**Task item:**
Exact output of all the records is required.

**Records from a collection:**
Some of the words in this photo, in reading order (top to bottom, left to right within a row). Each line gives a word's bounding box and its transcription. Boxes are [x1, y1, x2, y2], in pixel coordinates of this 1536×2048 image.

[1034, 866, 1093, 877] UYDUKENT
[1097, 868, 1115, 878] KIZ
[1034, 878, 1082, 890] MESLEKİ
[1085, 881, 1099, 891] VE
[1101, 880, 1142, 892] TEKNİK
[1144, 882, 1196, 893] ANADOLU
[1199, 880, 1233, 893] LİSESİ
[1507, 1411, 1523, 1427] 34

**Final answer:**
Some of the words in this photo, in reading order (top to bottom, left to right within a row). Each line gives a word's bounding box and its transcription. Boxes are [x1, y1, x2, y2], in pixel coordinates of this 1536×2048 image.

[1034, 866, 1093, 877] UYDUKENT
[1097, 868, 1115, 878] KIZ
[1034, 878, 1082, 890] MESLEKİ
[1085, 881, 1099, 891] VE
[1101, 880, 1142, 892] TEKNİK
[1144, 882, 1196, 893] ANADOLU
[1199, 880, 1233, 893] LİSESİ
[1507, 1411, 1523, 1427] 34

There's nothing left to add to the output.